ISPs picking up the business...
Written by Heather McLean, Contributor

ISPs picking up the business...

Data network customers are abandoning the sinking ships of KPNQwest and WorldCom to join the ranks of previously less popular ISPs. Serafino Abate, senior analyst at Ovum, said the trend is likely to continue as the market shifts its attention from dealing with carriers directly, to putting the middle man back in the picture. He said: "The demise of KPNQwest and WorldCom has shocked business customers. Carriers tried to be everything by taking care of service provisioning themselves and that backfired. We will see more carrier customers going to ISPs instead of direct to the carriers." One such customer to move over to an ISP is IG Index, a UK spread betting service. The online bookie discovered KPNQwest had gone bankrupt on 31 May, coinciding with the start of the World Cup and the company's busiest betting period. Adam Jackson, head of IT services at IG Index, said: "We were in a bit of a panic. Our immediate issue was to ensure business continuity.

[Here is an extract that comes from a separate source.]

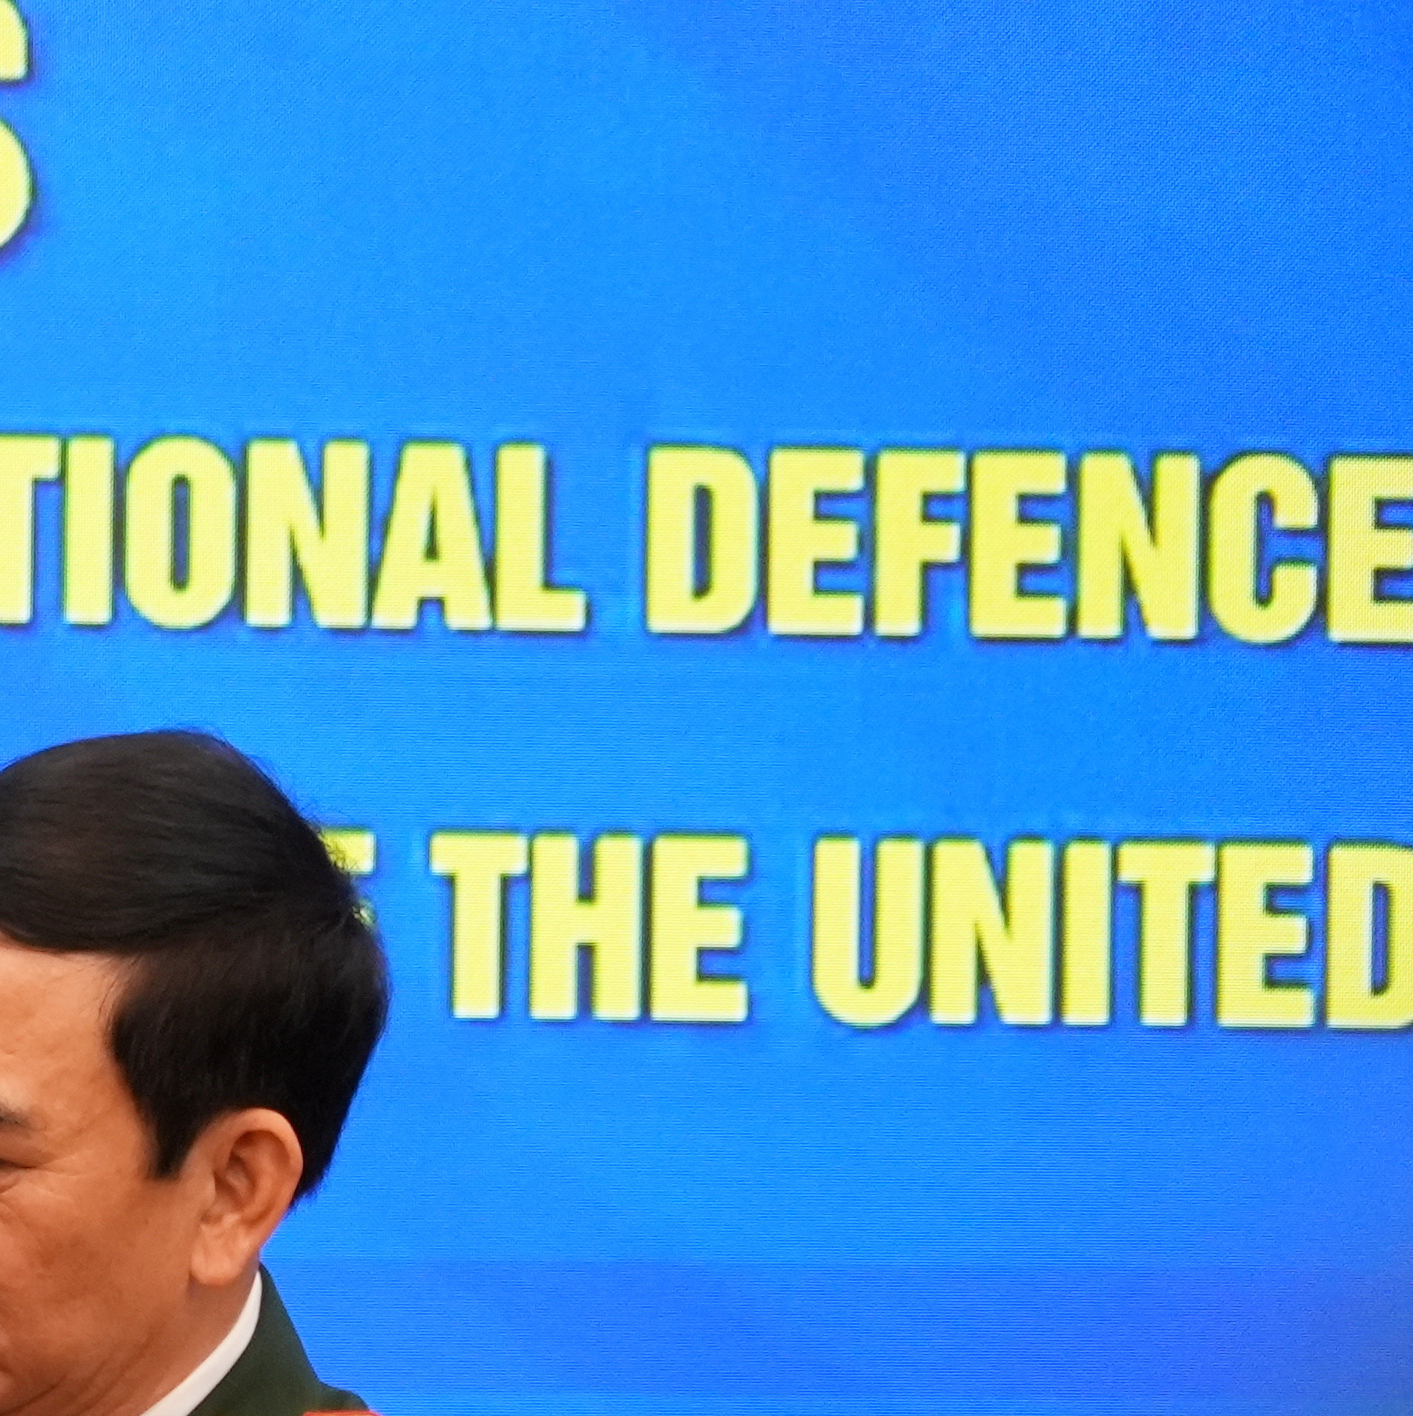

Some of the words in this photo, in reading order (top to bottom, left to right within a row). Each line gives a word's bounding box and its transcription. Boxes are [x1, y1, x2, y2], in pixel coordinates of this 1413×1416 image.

[645, 445, 1413, 646] DEFENCE
[428, 831, 748, 1024] THE
[811, 836, 1413, 1030] UNITED

We chose ISP Netscalibur as it was the most helpful business and worked through the night with us to get the network prepared for a changeover. "The crucial thing is Netscalibur are selling us a service, not bandwidth infrastructure. One year ago KPNQwest was a solid company. I wouldn't have thought that a company that carries 25 to 30 per cent of all internet traffic in Europe would go belly up." A spokeswoman from Netscalibur agreed with Jackson. "You wouldn't have thought major players would be at risk, especially after the dot-com boom when all the unstable companies went away. Before this, the concept and value of ISPs wasn't understood. This has helped accelerate the ISP cause." Ovum's Abate added: "The ISP field has consolidated and those that remain have proved themselves able to provide a good service, not just line access." Colt Telecom is providing a 34Mb line for IG Index on behalf of Netscalibur that should be available to the business this week, enabling it to leave KPNQwest for good.